The 'AI Stigma' Penalty
Initially, the data showed that games without AI had more reviews and fewer instances of zero engagement. When focusing on games with at least 100 reviews, the median rating for AI-integrated projects was about 4% lower. However, the picture becomes more severe when the data is adjusted for publisher support, developer experience, and game genre.
After controlling for these variables, developers using AI saw a roughly 53% reduction in review counts. The report notes that to explain away this penalty, an unmeasured factor would need to be strong enough to nearly triple the odds of AI adoption while simultaneously causing a 22% drop in review counts.
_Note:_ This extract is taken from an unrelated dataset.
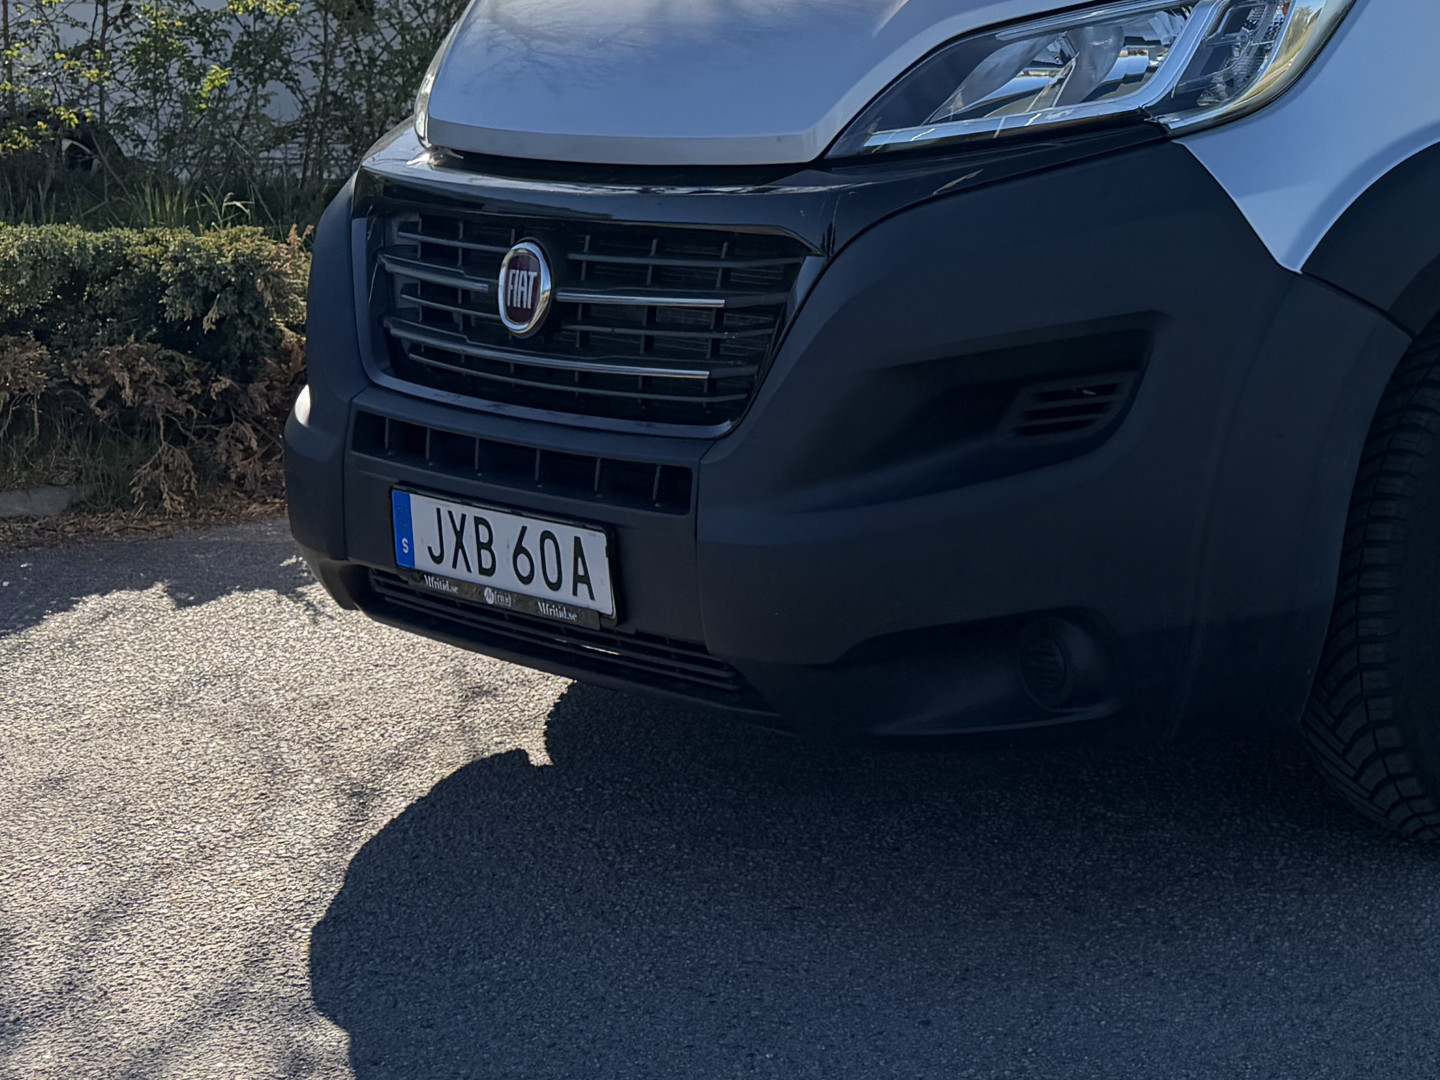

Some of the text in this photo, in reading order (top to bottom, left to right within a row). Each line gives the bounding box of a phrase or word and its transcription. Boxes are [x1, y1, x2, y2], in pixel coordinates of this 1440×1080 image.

Interestingly, the impact is not universal. "Our data suggests that for low-quality games, AI makes no difference," the report reads. "But for high-potential games, the 'AI Stigma' is real and severely punishes developers who otherwise would have succeeded."
Nuance in Implementation
Not every project suffers equally. The report points to The Finals as a successful example of AI integration, suggesting that the stigma is tied to how the technology is deployed. Whether the implementation is considered "sloppy" or well-integrated appears to be a major factor for players. As the report concludes, AI is a tool—one that should be used with caution rather than avoided entirely, much like a hammer used for construction.
Despite these findings, the industry is not pulling back. Major players like Sony have recently touted AI tools as a means to "unleash the creativity of studios," and titles like Clair Obscur and Crimson Desert have found commercial success despite using AI-generated placeholders. Meanwhile, other releases like the new Crazy Taxi have found the conversation dominated by their AI use rather than the game itself.
With figures like Epic CEO Tim Sweeney pushing back against mandatory disclaimers and large studios continuing their investment, the divide between player sentiment and industry adoption shows no signs of closing in 2026.